**What the task requires:** An exact copy of the data is needed, one that excludes all pictures.

─── Data for the task

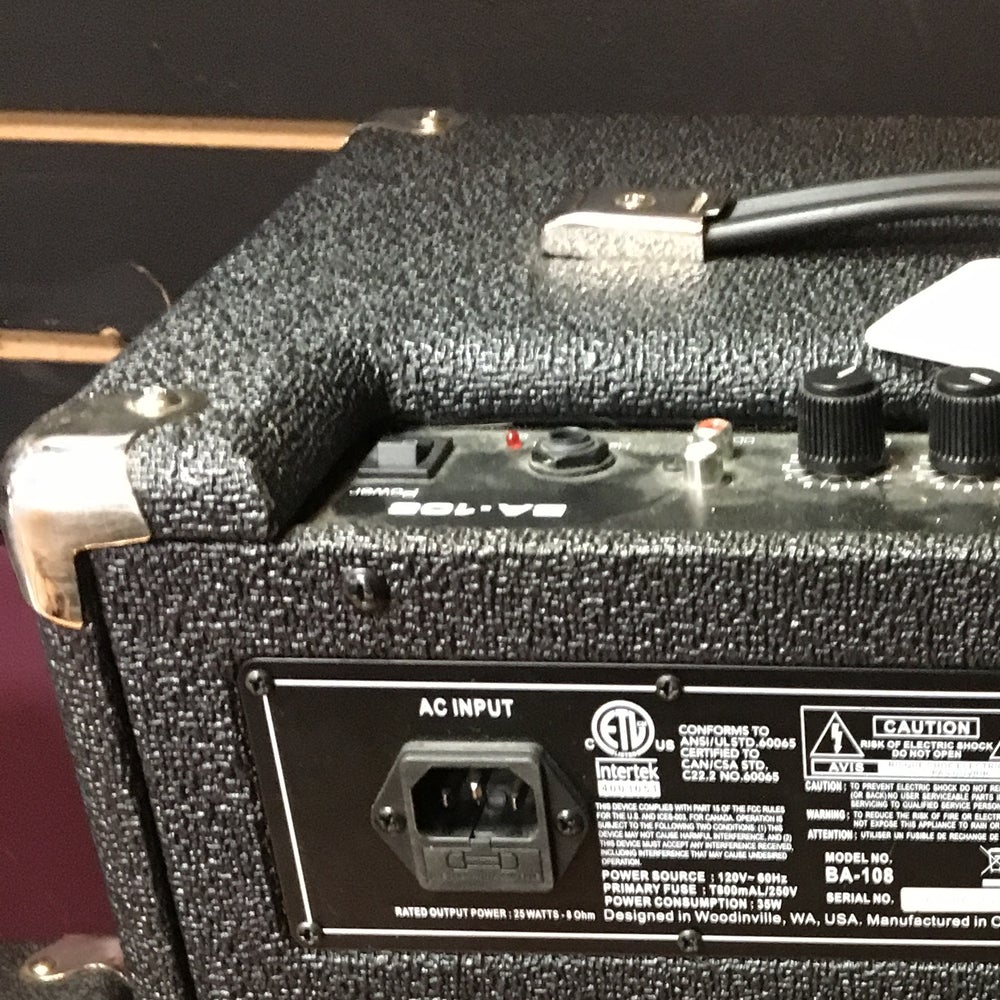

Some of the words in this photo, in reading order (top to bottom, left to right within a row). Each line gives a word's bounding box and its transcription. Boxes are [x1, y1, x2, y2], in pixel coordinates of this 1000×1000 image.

[419, 697, 448, 718] AC
[453, 698, 514, 718] INPUT
[679, 724, 749, 736] CONFORMS
[751, 726, 770, 737] TO
[884, 719, 970, 735] CAUTION
[860, 740, 885, 749] RISK
[887, 740, 901, 749] OF
[903, 741, 954, 750] ELECTRIC
[956, 742, 993, 751] SHOCK
[680, 748, 740, 759] CERTIFIED
[741, 749, 760, 760] TO
[892, 749, 907, 758] DO
[909, 750, 931, 759] NOT
[933, 750, 962, 759] OPEN
[596, 759, 661, 780] Intertek
[681, 759, 738, 770] CAN/CSA
[829, 762, 865, 773] AVIS
[850, 782, 859, 791] TO
[862, 782, 894, 791] PREVENT
[896, 783, 930, 792] ELECTRIC
[933, 783, 957, 792] SHOCK
[960, 784, 970, 792] DO
[972, 784, 987, 793] NOT
[900, 792, 919, 801] USER
[922, 792, 969, 801] SERVICEABLE
[971, 793, 994, 802] PARTS
[595, 802, 611, 811] THIS
[612, 802, 638, 811] DEVICE
[639, 803, 674, 812] COMPLIES
[674, 804, 692, 812] WITH
[693, 804, 711, 813] PART
[721, 804, 731, 813] OF
[732, 804, 745, 813] THE
[747, 805, 761, 813] FCC
[762, 805, 785, 814] RULES
[851, 800, 888, 809] SERVICING
[890, 801, 900, 809] TO
[902, 801, 938, 809] QUALIFIED
[941, 801, 970, 810] SERVICE
[853, 811, 862, 819] TO
[865, 811, 893, 819] REDUCE
[896, 811, 910, 820] THE
[912, 812, 928, 820] RISK
[931, 812, 940, 820] OF
[943, 812, 959, 820] FIRE
[961, 812, 972, 821] OR
[853, 820, 867, 828] NOT
[870, 820, 898, 829] EXPOSE
[901, 821, 916, 829] THIS
[918, 821, 956, 830] APPLIANCE
[958, 821, 968, 830] TO
[970, 822, 987, 830] RAIN
[989, 822, 1000, 830] OR
[825, 851, 869, 864] MODEL
[602, 869, 649, 882] POWER
[651, 870, 705, 883] SOURCE
[825, 866, 894, 884] BA-108
[603, 882, 661, 895] PRIMARY
[663, 883, 697, 896] FUSE
[604, 895, 652, 908] POWER
[654, 896, 747, 910] CONSUMPTION
[826, 892, 871, 905] SERIAL
[394, 906, 427, 918] RATED
[429, 907, 468, 919] OUTPUT
[470, 908, 506, 919] POWER
[514, 908, 525, 920] 25
[526, 909, 559, 920] WATTS
[574, 910, 595, 920] Ohm
[604, 908, 674, 925] Designed
[678, 910, 691, 923] in
[694, 910, 786, 926] Woodinville,
[866, 914, 970, 928] Manufactured
[973, 915, 989, 928] in
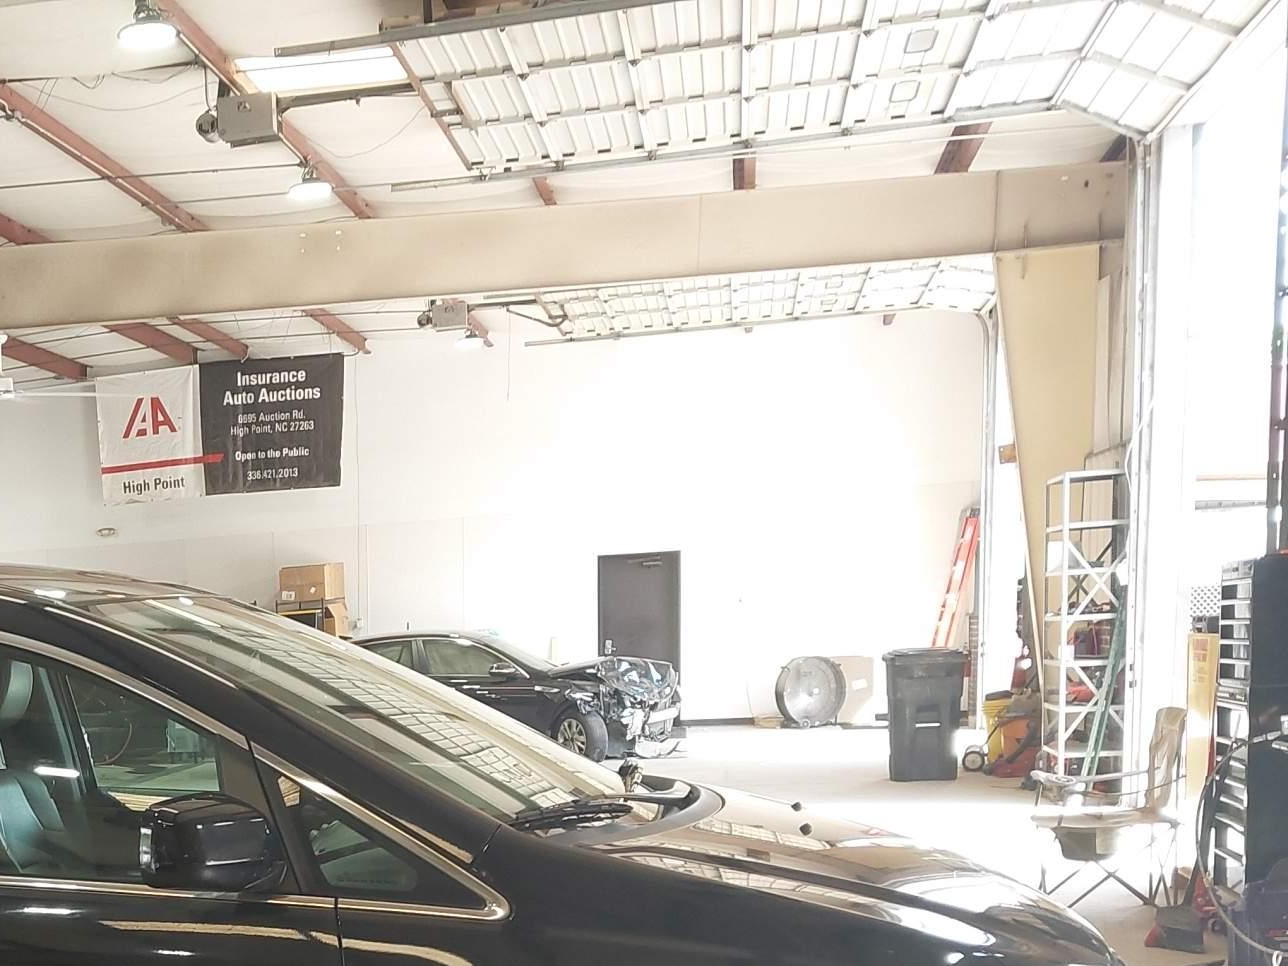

──────

**Your solution:**
Some of the words in this photo, in reading order (top to bottom, left to right within a row). Each line gives a word's bounding box and its transcription. Boxes are [x1, y1, x2, y2], in pixel coordinates of this 1000×1000 image.

[419, 697, 448, 718] AC
[453, 698, 514, 718] INPUT
[679, 724, 749, 736] CONFORMS
[751, 726, 770, 737] TO
[884, 719, 970, 735] CAUTION
[860, 740, 885, 749] RISK
[887, 740, 901, 749] OF
[903, 741, 954, 750] ELECTRIC
[956, 742, 993, 751] SHOCK
[680, 748, 740, 759] CERTIFIED
[741, 749, 760, 760] TO
[892, 749, 907, 758] DO
[909, 750, 931, 759] NOT
[933, 750, 962, 759] OPEN
[596, 759, 661, 780] Intertek
[681, 759, 738, 770] CAN/CSA
[829, 762, 865, 773] AVIS
[850, 782, 859, 791] TO
[862, 782, 894, 791] PREVENT
[896, 783, 930, 792] ELECTRIC
[933, 783, 957, 792] SHOCK
[960, 784, 970, 792] DO
[972, 784, 987, 793] NOT
[900, 792, 919, 801] USER
[922, 792, 969, 801] SERVICEABLE
[971, 793, 994, 802] PARTS
[595, 802, 611, 811] THIS
[612, 802, 638, 811] DEVICE
[639, 803, 674, 812] COMPLIES
[674, 804, 692, 812] WITH
[693, 804, 711, 813] PART
[721, 804, 731, 813] OF
[732, 804, 745, 813] THE
[747, 805, 761, 813] FCC
[762, 805, 785, 814] RULES
[851, 800, 888, 809] SERVICING
[890, 801, 900, 809] TO
[902, 801, 938, 809] QUALIFIED
[941, 801, 970, 810] SERVICE
[853, 811, 862, 819] TO
[865, 811, 893, 819] REDUCE
[896, 811, 910, 820] THE
[912, 812, 928, 820] RISK
[931, 812, 940, 820] OF
[943, 812, 959, 820] FIRE
[961, 812, 972, 821] OR
[853, 820, 867, 828] NOT
[870, 820, 898, 829] EXPOSE
[901, 821, 916, 829] THIS
[918, 821, 956, 830] APPLIANCE
[958, 821, 968, 830] TO
[970, 822, 987, 830] RAIN
[989, 822, 1000, 830] OR
[825, 851, 869, 864] MODEL
[602, 869, 649, 882] POWER
[651, 870, 705, 883] SOURCE
[825, 866, 894, 884] BA-108
[603, 882, 661, 895] PRIMARY
[663, 883, 697, 896] FUSE
[604, 895, 652, 908] POWER
[654, 896, 747, 910] CONSUMPTION
[826, 892, 871, 905] SERIAL
[394, 906, 427, 918] RATED
[429, 907, 468, 919] OUTPUT
[470, 908, 506, 919] POWER
[514, 908, 525, 920] 25
[526, 909, 559, 920] WATTS
[574, 910, 595, 920] Ohm
[604, 908, 674, 925] Designed
[678, 910, 691, 923] in
[694, 910, 786, 926] Woodinville,
[866, 914, 970, 928] Manufactured
[973, 915, 989, 928] in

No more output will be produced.